Duchamp's work raises doubts about aesthetic judgments questioning audience perception of art itself. I too am interested in perception and receipt of the visual language of objects, with an alternative focus on the social ritual attached to my object (the tea cup).  Duchamp originally drew inspiration from the cubist idea of simultaneous different perspectives, which i think ties into my exploration of the meaning of a cup of tea to individuals, cultures and social groups/families. The coding of the object simultaneously describes the function, form and symbolism.
'Duchamp kept the focal point of meaning of his work deliberately vague, and invited the beholder/reader to take part in what are ultimately inconcludable reflections on the meaning of the work.' 
Taking the words that i spelled out inside my tea cup in 'You're My Cup Of Tea', from the spider diagram contributed to by a number of anonymous volunteers; I have invited my audience to reflect upon the meaning of the object thus exploring the meaning of the work before it was even created. This theme of interactive art and audience participation is consistent throughout the short film.  Whilst being recorded, my volunteers experience my object from their individual perspective and reflect upon it by writing their chosen word into the tea leaves (also adding the experience of a foreign perspective of the physicality of the tea as a material).


The art is the ideas and perceptions drawn from the receipt of the object.  When it comes to objects, our perceptions are the understanding of a preconceived coding subject to the experience of the individual...and so I ask myself: Is this artwork mine? It has my name on it, but consists of an exploration of other peoples reflections.  It only makes sense that Duchamp signed his most famous work 'Fountain': R.Mutt.
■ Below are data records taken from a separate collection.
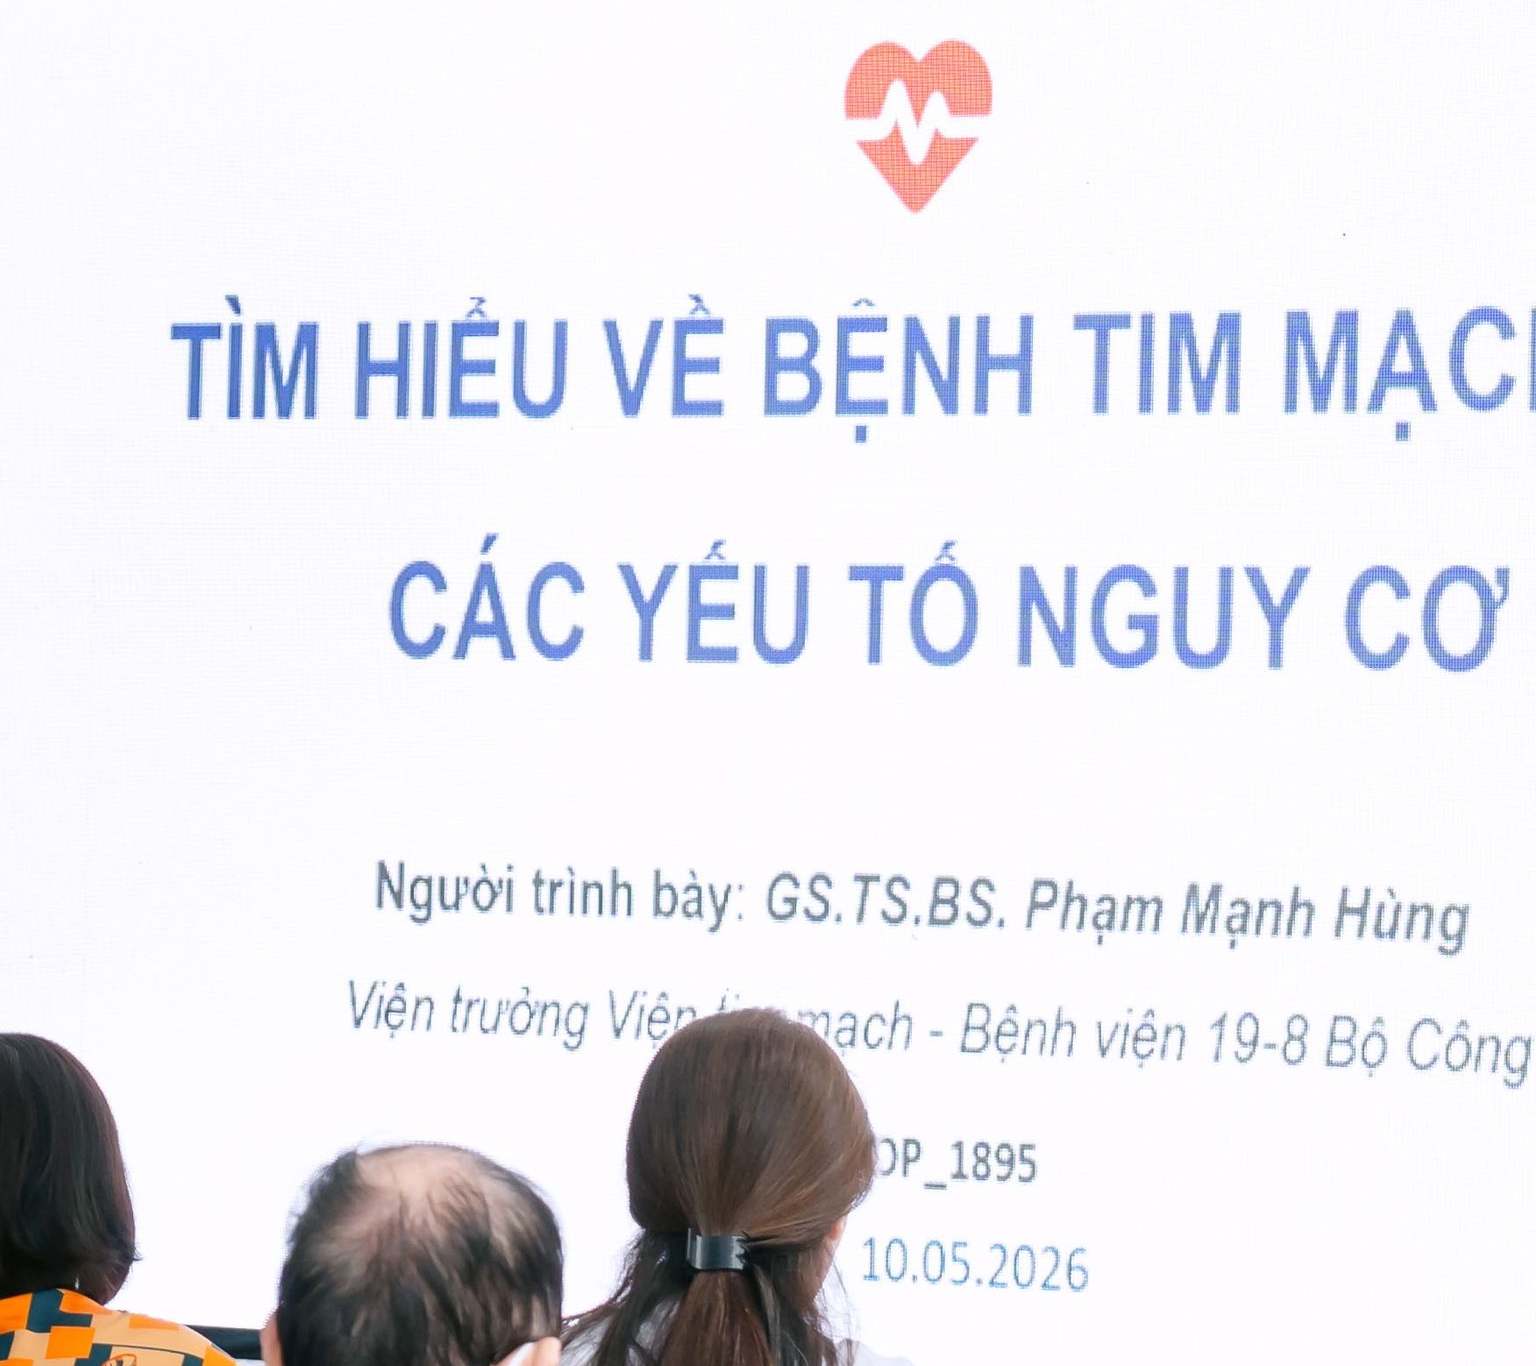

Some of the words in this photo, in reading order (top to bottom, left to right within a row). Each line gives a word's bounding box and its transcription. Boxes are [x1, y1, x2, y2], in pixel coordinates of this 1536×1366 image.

[170, 293, 320, 421] TÌM
[354, 295, 569, 420] HIỂU
[602, 292, 725, 419] VỀ
[763, 295, 1035, 444] BỆNH
[1072, 310, 1242, 416] TIM
[388, 532, 586, 662] CÁC
[617, 539, 810, 665] YẾU
[848, 539, 979, 668] TỐ
[1017, 564, 1311, 671] NGUY
[1344, 564, 1511, 673] CƠ
[375, 859, 515, 926] Người
[532, 866, 633, 917] trình
[652, 869, 744, 933] bày:
[766, 872, 1006, 929] GS.TS.BS.
[1025, 879, 1164, 947] Phạm
[1180, 883, 1316, 950] Mạnh
[1334, 886, 1471, 956] Hùng
[348, 979, 436, 1040] Viện
[450, 984, 590, 1052] trưởng
[960, 1002, 1077, 1064] Bệnh
[1096, 1007, 1187, 1068] viện
[1210, 1011, 1310, 1067] 19-8
[1325, 1015, 1389, 1077] Bộ
[1406, 1017, 1533, 1090] Công
[862, 1236, 1090, 1293] 10.05.2026
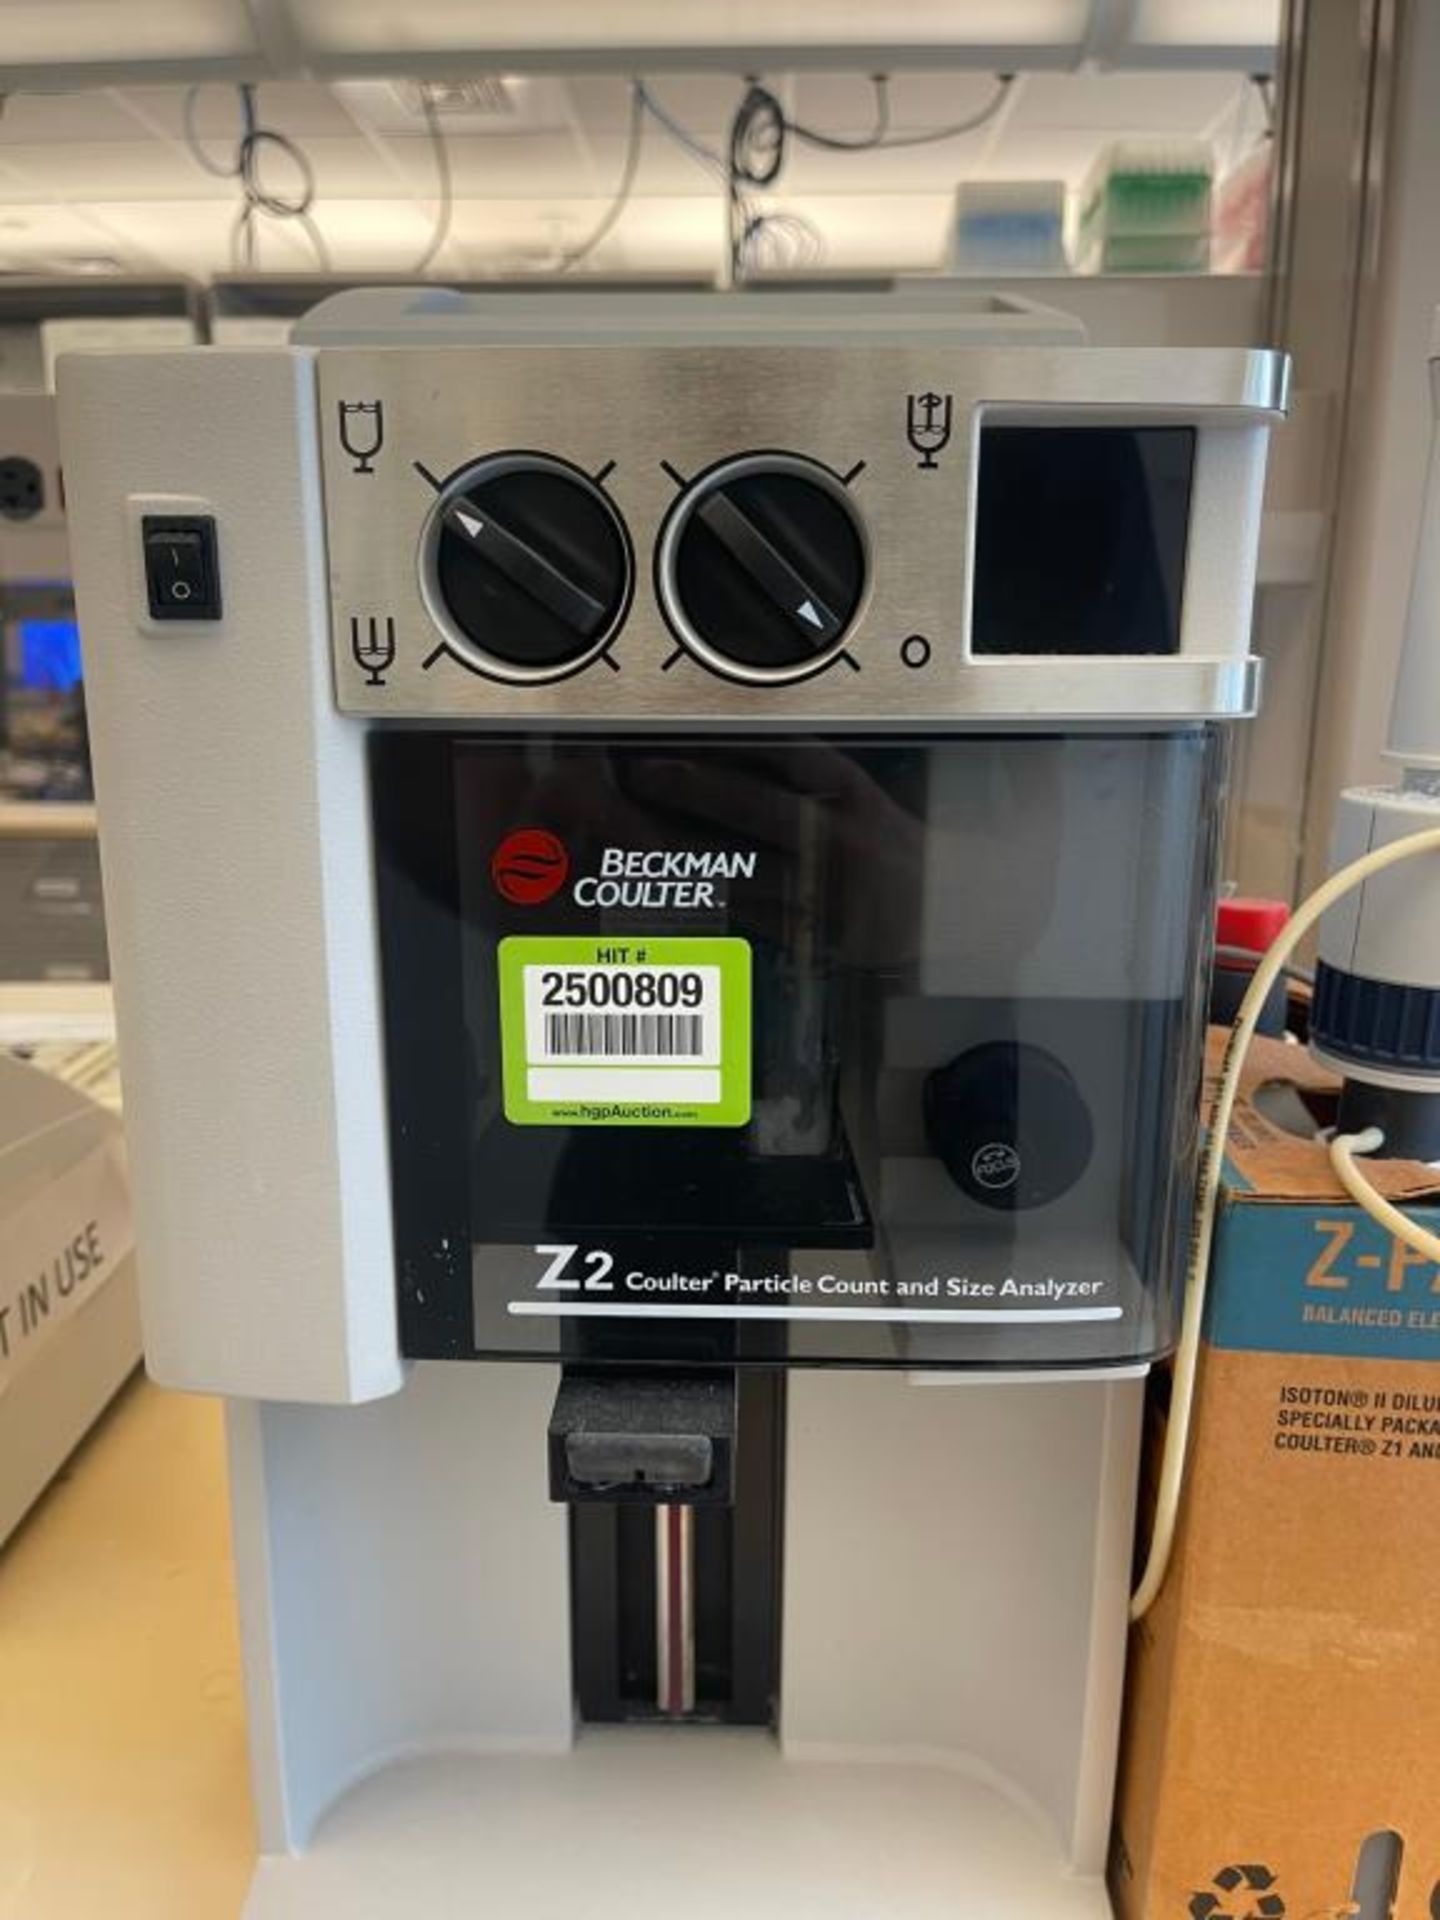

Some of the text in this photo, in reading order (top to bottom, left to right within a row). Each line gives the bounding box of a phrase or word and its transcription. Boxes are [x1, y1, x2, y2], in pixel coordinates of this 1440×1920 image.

[601, 849, 757, 878] BECKMAN
[597, 948, 647, 963] HIT #
[541, 972, 703, 1007] 2500809
[535, 1244, 614, 1290] Z2
[724, 1273, 812, 1294] Particle
[817, 1275, 889, 1295] Count
[897, 1277, 938, 1296] and
[947, 1277, 995, 1297] Size
[999, 1278, 1103, 1300] Analyzer
[1306, 1220, 1440, 1292] Z-P
[19, 1272, 49, 1336] IN
[55, 1220, 104, 1297] USE
[1303, 1304, 1401, 1327] BALANCED
[1277, 1409, 1376, 1431] SPECIALLY
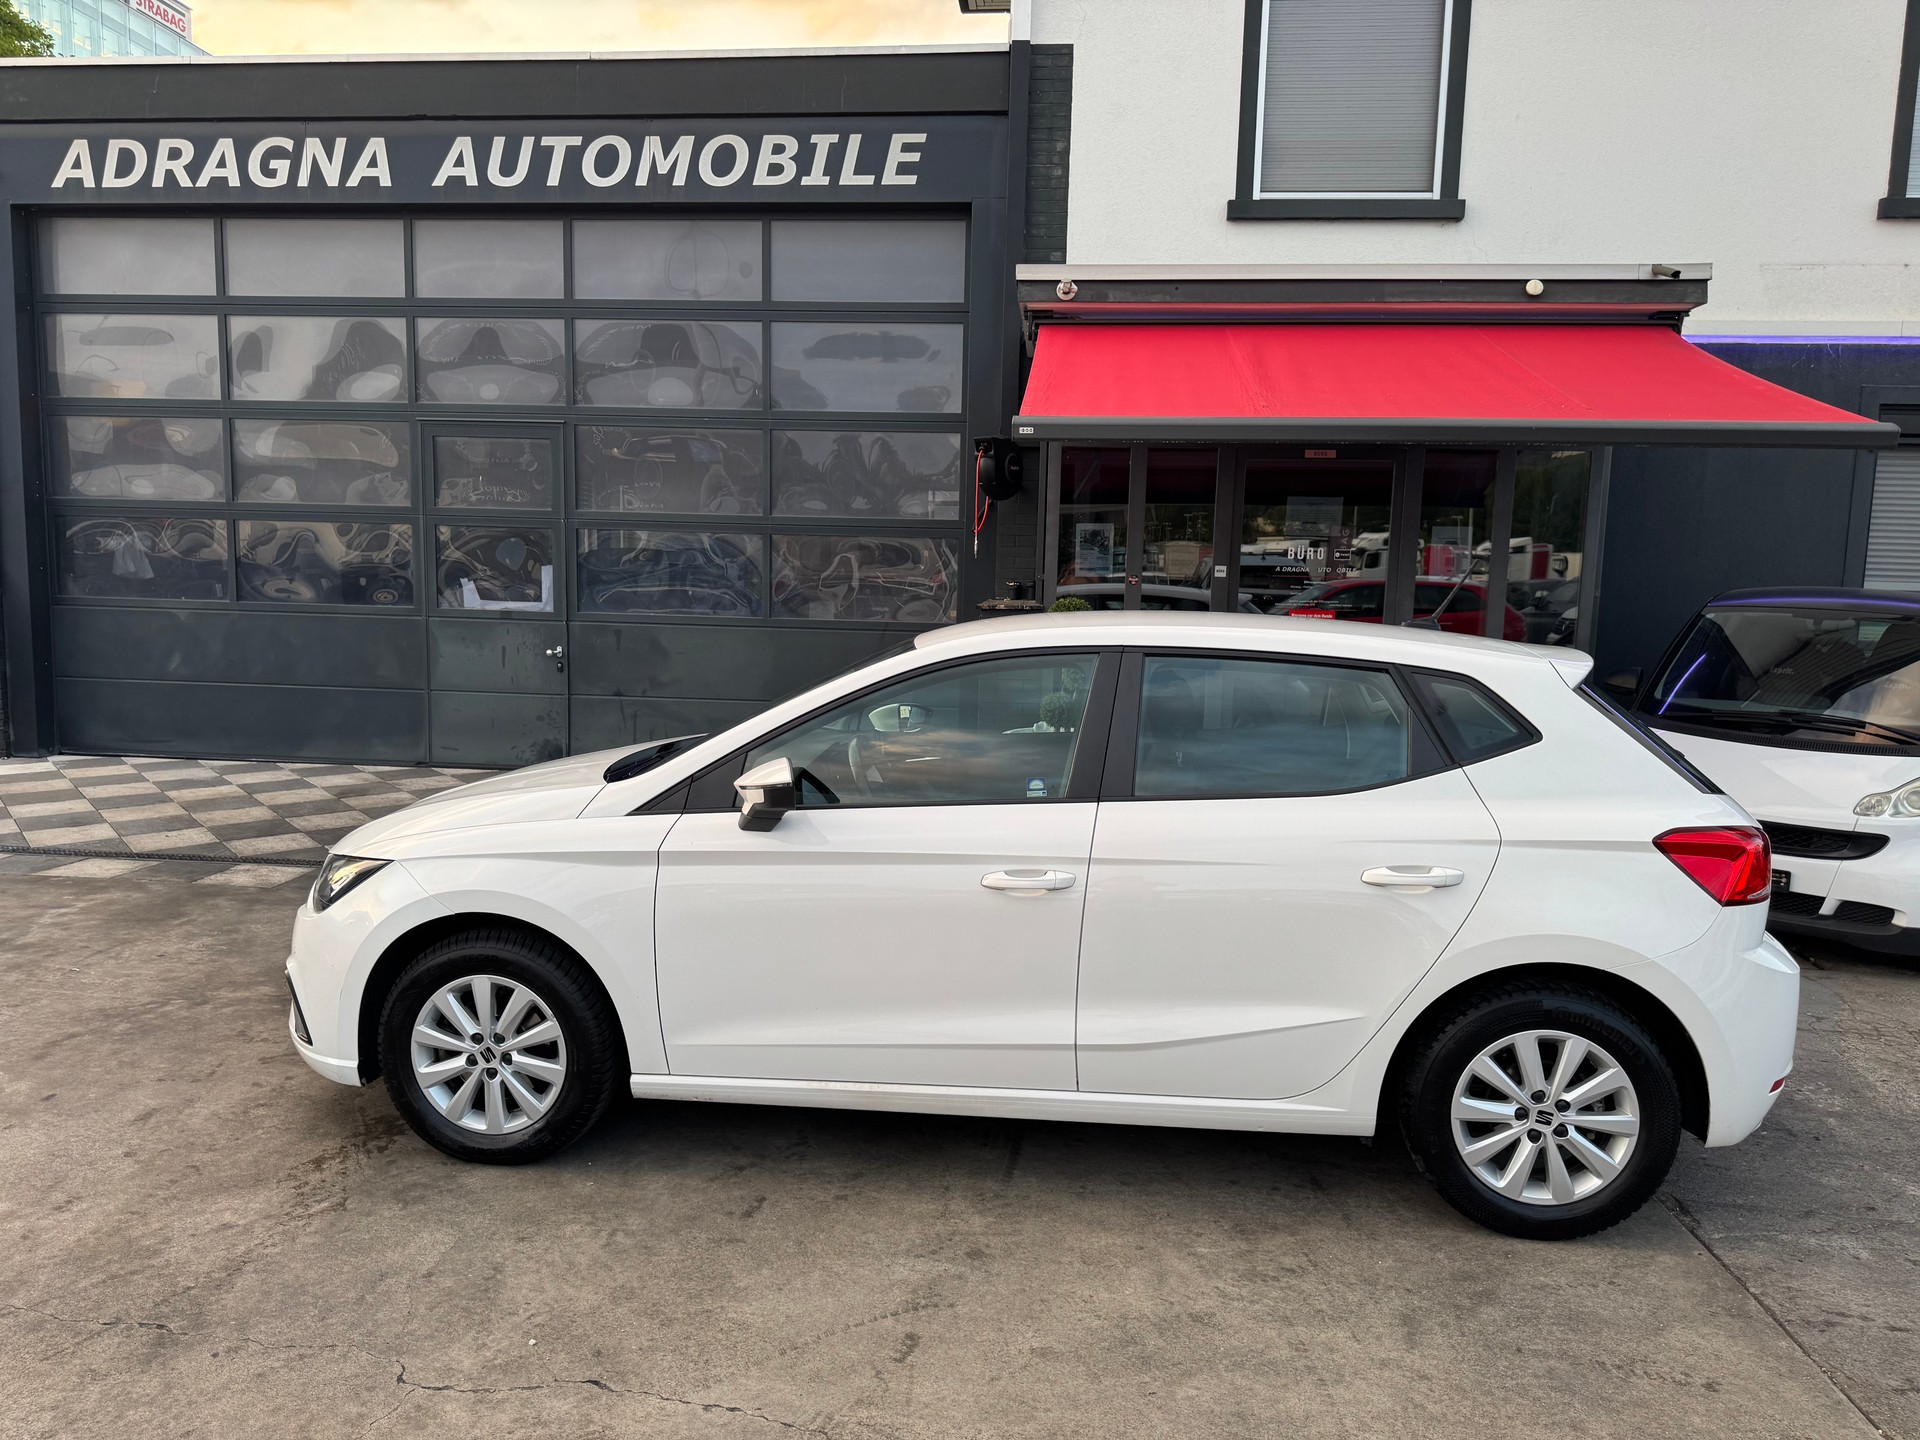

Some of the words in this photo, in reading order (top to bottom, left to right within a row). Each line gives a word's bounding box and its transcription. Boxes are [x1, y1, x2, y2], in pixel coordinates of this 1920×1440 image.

Marcel Duchamp's 'Fountain' lead me to consider the status of an object in its own right.  Duchamp described the use of inanimate objects as:
'the simple idea of interrupting the use-flow of everyday things.'


Does a Tea Cup carry the same connotations as it does on a coffee table when in an altered context or environment? 
What if the tea cup was no longer a tea cup? 
Altered form and functionality = altered meaning.
"It's the viewers which make the pictures." 
(Marcel Duchamp)

Marzona, D. (2006) Conceptual Art.USA-Los Angeles:Taschen.
beautiful objects post.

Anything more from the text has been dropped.